How much does it cost to sell at auction in Australia?

It depends where you sell. Traditional auction houses typically charge sellers a 10–20% commission AND charge your buyer a 15–25% premium on top of the hammer — money that comes out of what buyers were willing to pay you. General online marketplaces usually take around 10–15% of the sale all-in once payment processing is counted. Hunters Auctions charges $0: no listing fee, no commission, no buyer's premium — the hammer price is exactly what you receive.

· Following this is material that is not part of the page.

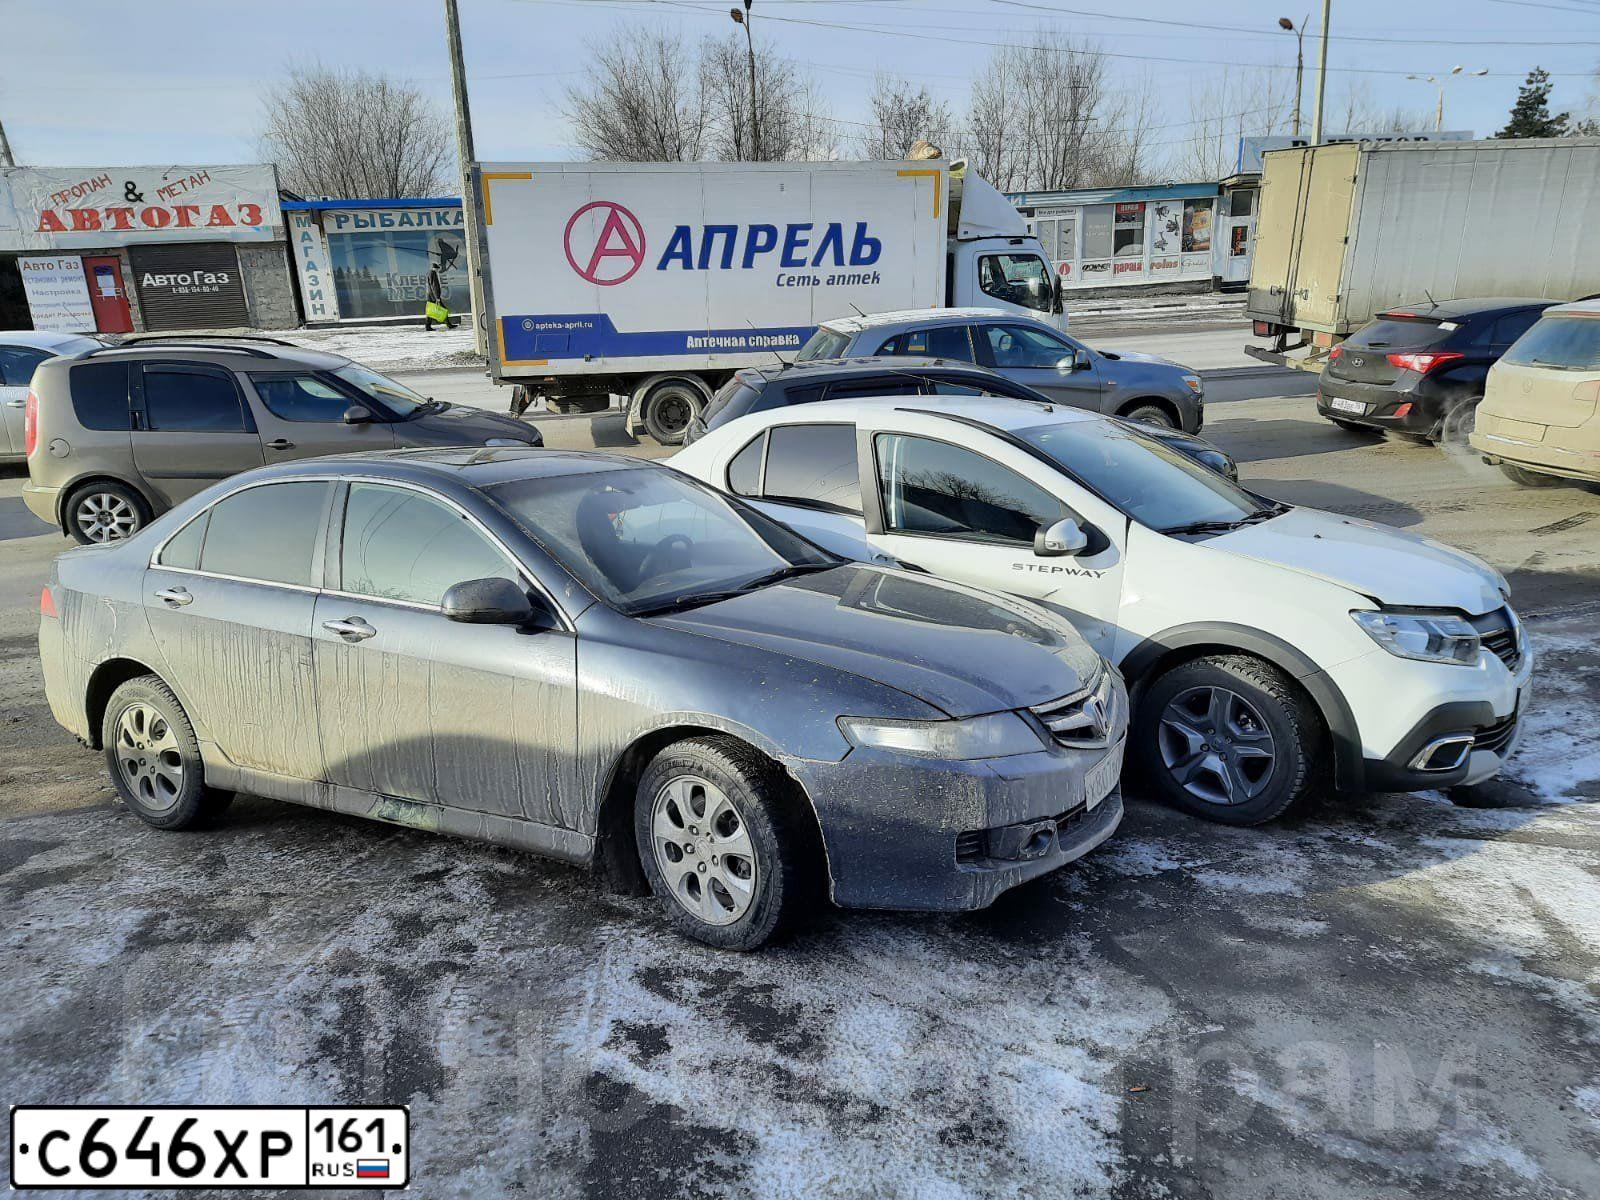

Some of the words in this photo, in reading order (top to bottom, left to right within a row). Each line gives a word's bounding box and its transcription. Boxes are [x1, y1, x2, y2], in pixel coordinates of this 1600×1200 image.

The three venues, honestly compared

A traditional auction house earns its cut with premises, staff and cataloguing — fair enough for a $40,000 estate clearance, brutal for a $400 dining table: between seller commission and the buyer's premium, a third of the room's money can go to the house. General online marketplaces are cheaper but their percentage still scales with your price — sell something big and the fee is bigger, for the same clicks. Classifieds are free but aren't auctions: you haggle one stranger at a time, and the price finds its floor, not its ceiling.

Why $0 works here

Hunters is funded by things sellers choose — labelled visibility boosts, and Plus/Business plans for high-volume sellers — never by a percentage of your item. That isn't a launch discount; “no commission” is the founding rule, written into the terms. The trade-off is honest too: at launch, sales settle as cash at pickup with optional PayID deposits, and card escrow is on its way — there's no venue, no valuer, no van. Your photos and your condition report do the cataloguing.

What that means in dollars

Hammer a table at $400: a traditional house might hand you $340 after commission — having charged your buyer up to $500 with the premium. A typical marketplace hands you roughly $345–$360. Hunters hands you $400, and your buyer paid $400. The gap IS the middleman.